Working data below:

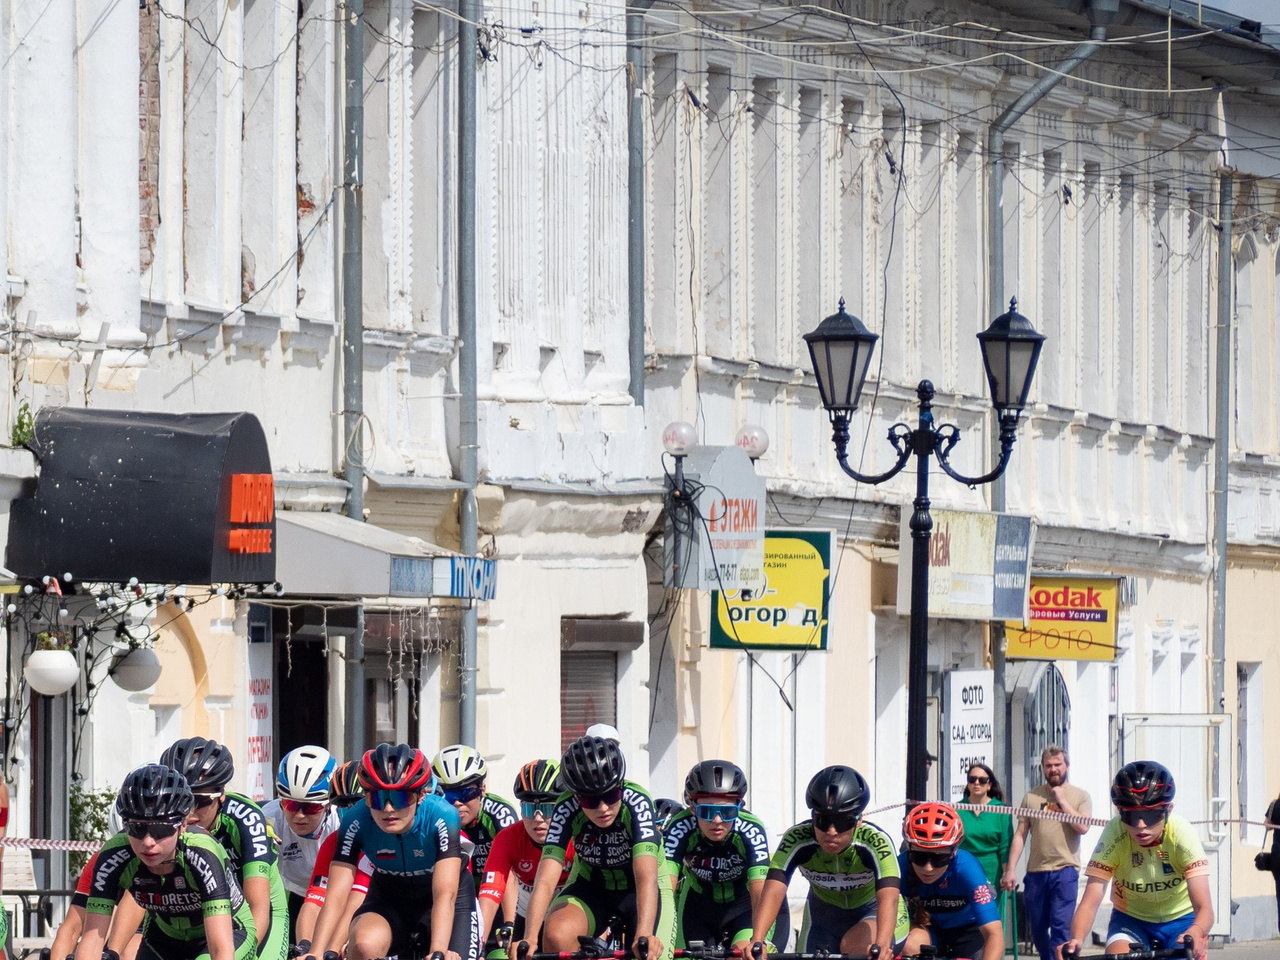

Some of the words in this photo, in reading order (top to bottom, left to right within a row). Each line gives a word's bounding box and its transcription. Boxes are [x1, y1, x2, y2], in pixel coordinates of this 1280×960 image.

[764, 552, 816, 560] ЗИРОВАННЫЙ
[928, 521, 951, 568] dak
[1030, 609, 1066, 619] фровые
[1069, 609, 1101, 620] Услуги
[1018, 627, 1093, 650] ФОТО
[961, 685, 984, 705] ФОТО
[952, 725, 965, 744] САД
[970, 723, 992, 742] ОГОРОД
[226, 799, 268, 858] RUSSIA
[623, 789, 655, 839] RUSSIA
[341, 819, 360, 856] MAIKOP
[435, 817, 449, 852] MAIKOP
[665, 816, 698, 858] RUSSIA
[734, 817, 769, 862] RUSSIA
[779, 828, 812, 854] RUSS
[94, 848, 131, 892] MICHE
[185, 848, 218, 895] MICHE
[134, 885, 202, 906] ESTRORETS
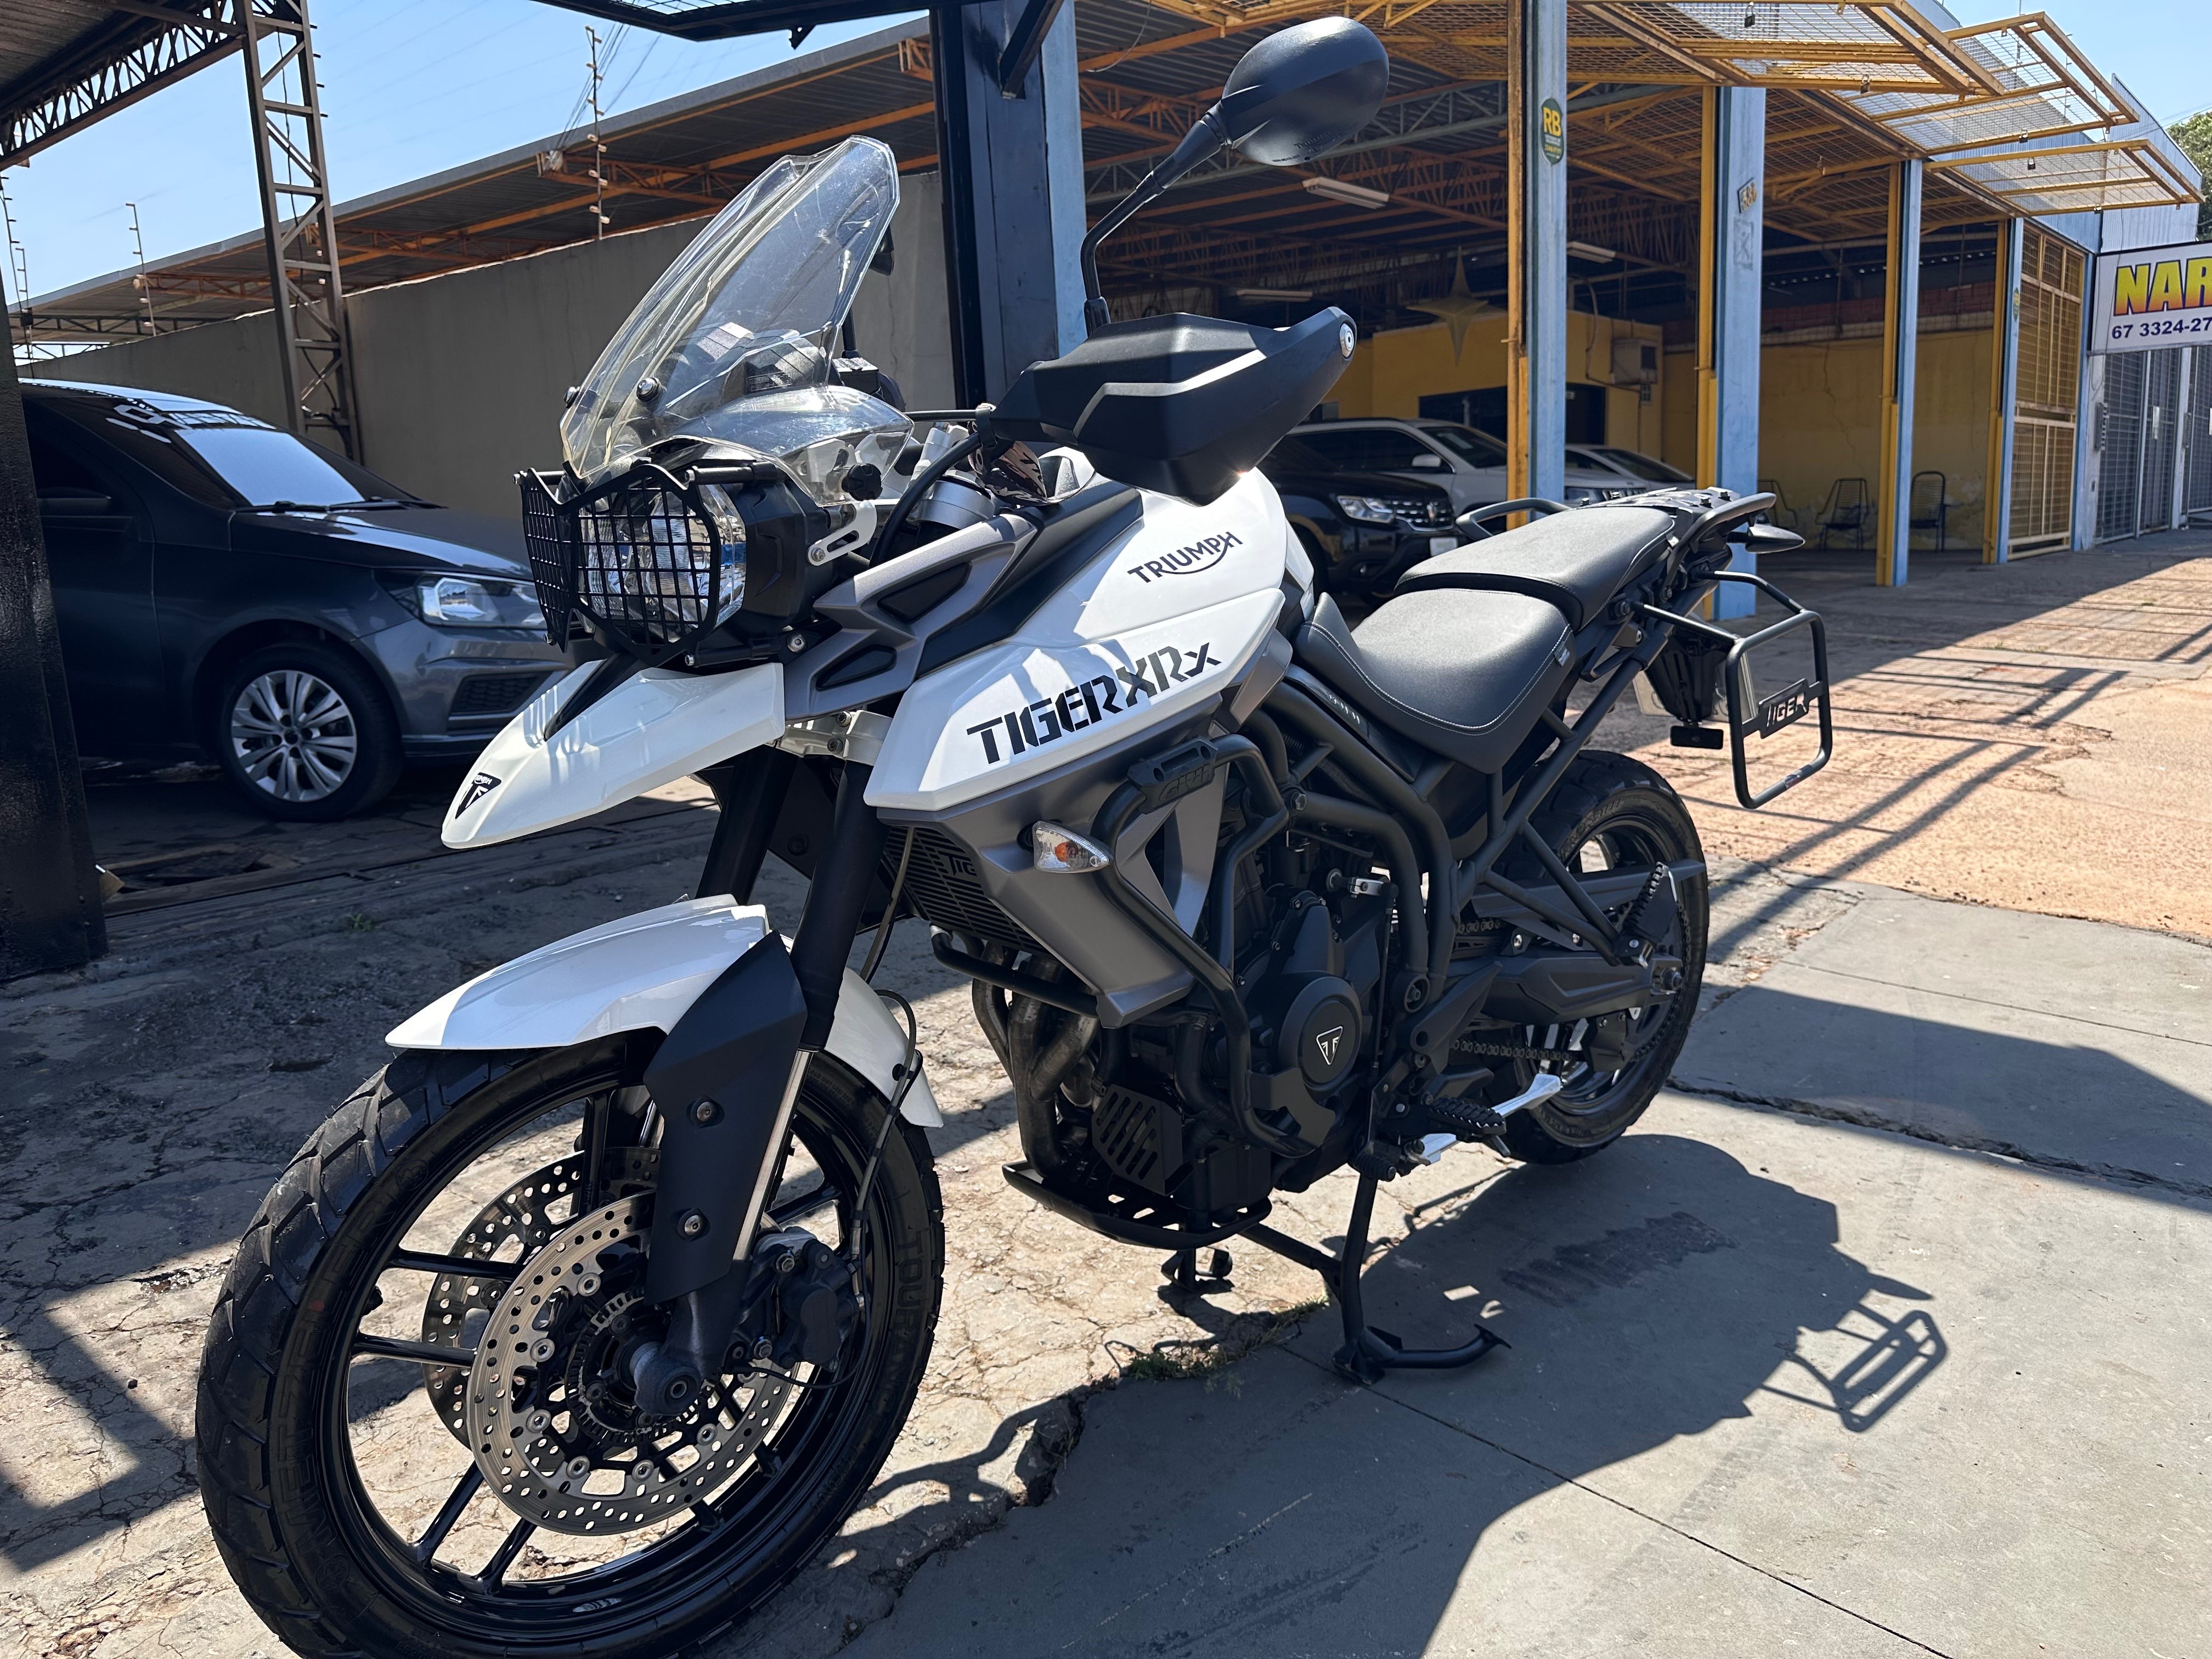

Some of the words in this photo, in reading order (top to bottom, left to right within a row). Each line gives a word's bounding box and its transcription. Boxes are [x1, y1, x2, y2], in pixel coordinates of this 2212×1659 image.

[1543, 107, 1562, 137] RB
[2112, 325, 2133, 339] 67
[1127, 531, 1243, 583] TRIUMPH
[1763, 691, 1807, 727] TIGER

End of Working data.

§ What you need to do: All of the records above should be reproduced exactly, with the pictures left out.

§ Solution to this problem:
Some of the words in this photo, in reading order (top to bottom, left to right within a row). Each line gives a word's bounding box and its transcription. Boxes are [x1, y1, x2, y2], in pixel coordinates of this 1280×960 image.

[764, 552, 816, 560] ЗИРОВАННЫЙ
[928, 521, 951, 568] dak
[1030, 609, 1066, 619] фровые
[1069, 609, 1101, 620] Услуги
[1018, 627, 1093, 650] ФОТО
[961, 685, 984, 705] ФОТО
[952, 725, 965, 744] САД
[970, 723, 992, 742] ОГОРОД
[226, 799, 268, 858] RUSSIA
[623, 789, 655, 839] RUSSIA
[341, 819, 360, 856] MAIKOP
[435, 817, 449, 852] MAIKOP
[665, 816, 698, 858] RUSSIA
[734, 817, 769, 862] RUSSIA
[779, 828, 812, 854] RUSS
[94, 848, 131, 892] MICHE
[185, 848, 218, 895] MICHE
[134, 885, 202, 906] ESTRORETS

Some of the words in this photo, in reading order (top to bottom, left to right within a row). Each line gives a word's bounding box and its transcription. Boxes are [x1, y1, x2, y2], in pixel coordinates of this 2212×1659 image.

[1543, 107, 1562, 137] RB
[2112, 325, 2133, 339] 67
[1127, 531, 1243, 583] TRIUMPH
[1763, 691, 1807, 727] TIGER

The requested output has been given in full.